Artigo Acesso aberto

'Law as . . .': Theory and Practice in Legal History

2011; RELX Group (Netherlands); Linguagem: Inglês

10.2139/ssrn.2065584

ISSN

1556-5068

Autores

Christopher Tomlins, John Comaroff,

Tópico(s)

American Constitutional Law and Politics

Resumo

Some twenty years ago, the political scientist Karen Orren wrote an essay entitled “Metaphysics and Reality in Late Nineteenth-Century Labor Adjudication” that counterposed the “metaphysics” of the ancient common law of master and servant to the “reality” of the modern workplace over which it supposedly reigned. Orren’s essay celebrated the early twentieth century’s revolt against formalism in which, hand in hand, the labor movement and intellectuals fashioned a transformation of American politics and culture, a victory for latter-day materiality over antimodern metaphysics that would furnish the ideational bedrock for the coming century’s liberal politics and legalism, and for their insistence that all knowledge is historical and social. Twenty years after Orren’s essay and a century after the antimetaphysical revolution, “law as . . .” stands for a moment of reconsideration, a pause to contemplate what the theory and practice of legal history might gain by rejoining metaphysics to materiality. The objective of “law as . . .” is to use the past to confront the present.

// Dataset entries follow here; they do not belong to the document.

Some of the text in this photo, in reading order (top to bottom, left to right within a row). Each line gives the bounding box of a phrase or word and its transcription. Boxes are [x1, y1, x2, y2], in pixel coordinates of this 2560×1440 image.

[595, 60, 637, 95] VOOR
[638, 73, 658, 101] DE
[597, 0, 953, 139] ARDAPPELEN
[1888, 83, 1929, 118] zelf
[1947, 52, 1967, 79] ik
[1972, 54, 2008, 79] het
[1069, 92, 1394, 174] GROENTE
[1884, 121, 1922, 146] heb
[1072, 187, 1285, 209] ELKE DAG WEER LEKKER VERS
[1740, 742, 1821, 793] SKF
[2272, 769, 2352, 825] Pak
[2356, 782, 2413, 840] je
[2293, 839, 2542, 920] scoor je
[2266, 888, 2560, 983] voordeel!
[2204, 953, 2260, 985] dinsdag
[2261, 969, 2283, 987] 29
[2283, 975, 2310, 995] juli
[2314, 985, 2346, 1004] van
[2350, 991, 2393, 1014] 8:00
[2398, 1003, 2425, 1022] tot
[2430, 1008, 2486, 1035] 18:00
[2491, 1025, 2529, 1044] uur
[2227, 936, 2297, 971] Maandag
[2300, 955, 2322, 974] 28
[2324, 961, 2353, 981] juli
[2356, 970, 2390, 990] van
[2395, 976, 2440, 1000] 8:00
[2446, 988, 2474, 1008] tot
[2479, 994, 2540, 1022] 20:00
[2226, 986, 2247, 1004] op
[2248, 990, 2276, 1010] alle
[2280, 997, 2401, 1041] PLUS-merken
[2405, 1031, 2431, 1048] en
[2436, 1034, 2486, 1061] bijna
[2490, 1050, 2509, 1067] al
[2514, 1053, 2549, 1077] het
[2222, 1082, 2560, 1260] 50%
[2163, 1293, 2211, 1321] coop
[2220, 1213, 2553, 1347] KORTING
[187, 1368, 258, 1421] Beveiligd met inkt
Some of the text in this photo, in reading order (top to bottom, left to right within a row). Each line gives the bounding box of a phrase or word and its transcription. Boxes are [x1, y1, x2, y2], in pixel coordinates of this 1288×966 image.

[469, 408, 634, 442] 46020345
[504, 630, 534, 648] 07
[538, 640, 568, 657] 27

To do so, “law as . . .” rejects the sequestration of the past and the various histories that result from it. “Law as . . .” dwells instead on the conditions of possibility for a critical knowledge of the here-and-now: the moment, it might be said, when the origins of the present “jut manifestly and fearsomely into existence,” spirit into experience, metaphysics into materiality.